- Exercise data:
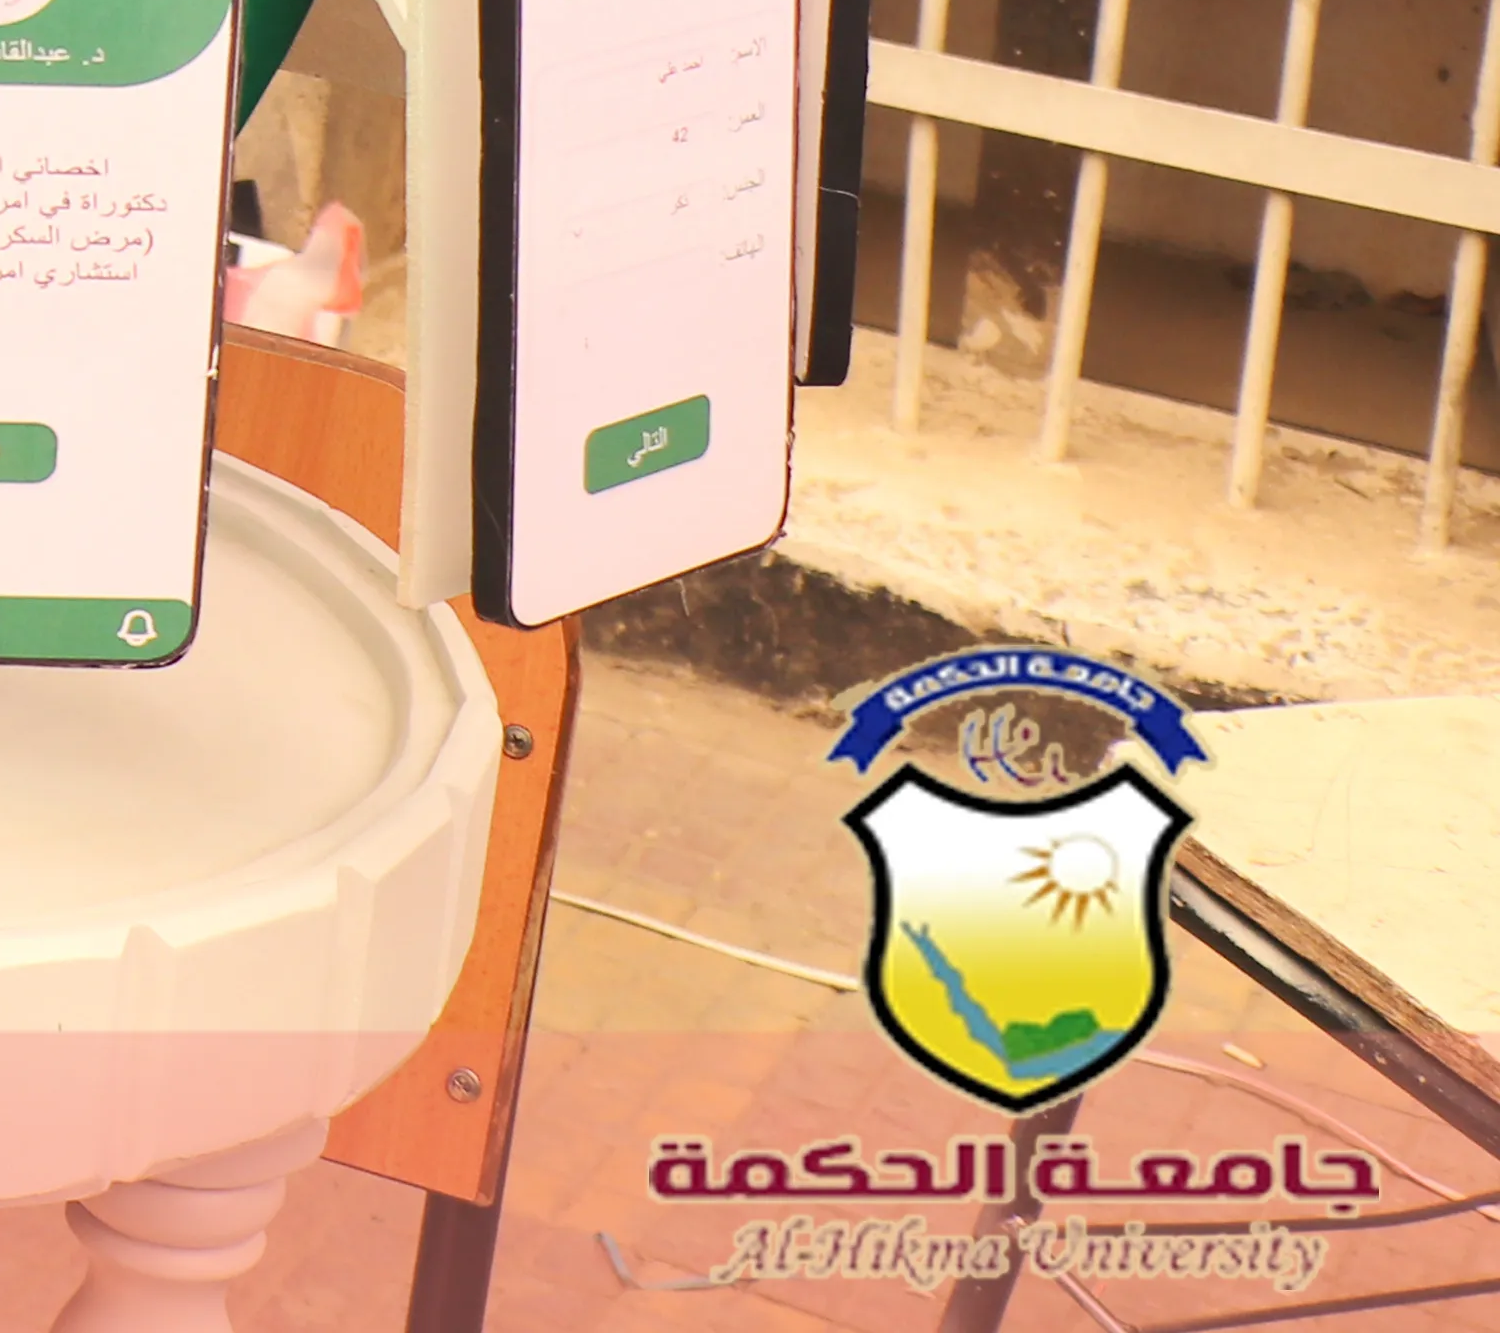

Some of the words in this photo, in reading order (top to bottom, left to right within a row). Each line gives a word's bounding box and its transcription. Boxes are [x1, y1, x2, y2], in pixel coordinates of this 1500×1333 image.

[82, 44, 105, 67] د.
[671, 126, 689, 144] 42
[38, 191, 72, 218] في
[80, 191, 169, 218] دكتوراة
[33, 260, 139, 289] استشاري
[626, 425, 669, 469] التالي

- Brief: Please transcribe the listing exactly as it stands, but omit its pictures.

- Solution to the problem:
Some of the words in this photo, in reading order (top to bottom, left to right within a row). Each line gives a word's bounding box and its transcription. Boxes are [x1, y1, x2, y2], in pixel coordinates of this 1500×1333 image.

[82, 44, 105, 67] د.
[671, 126, 689, 144] 42
[38, 191, 72, 218] في
[80, 191, 169, 218] دكتوراة
[33, 260, 139, 289] استشاري
[626, 425, 669, 469] التالي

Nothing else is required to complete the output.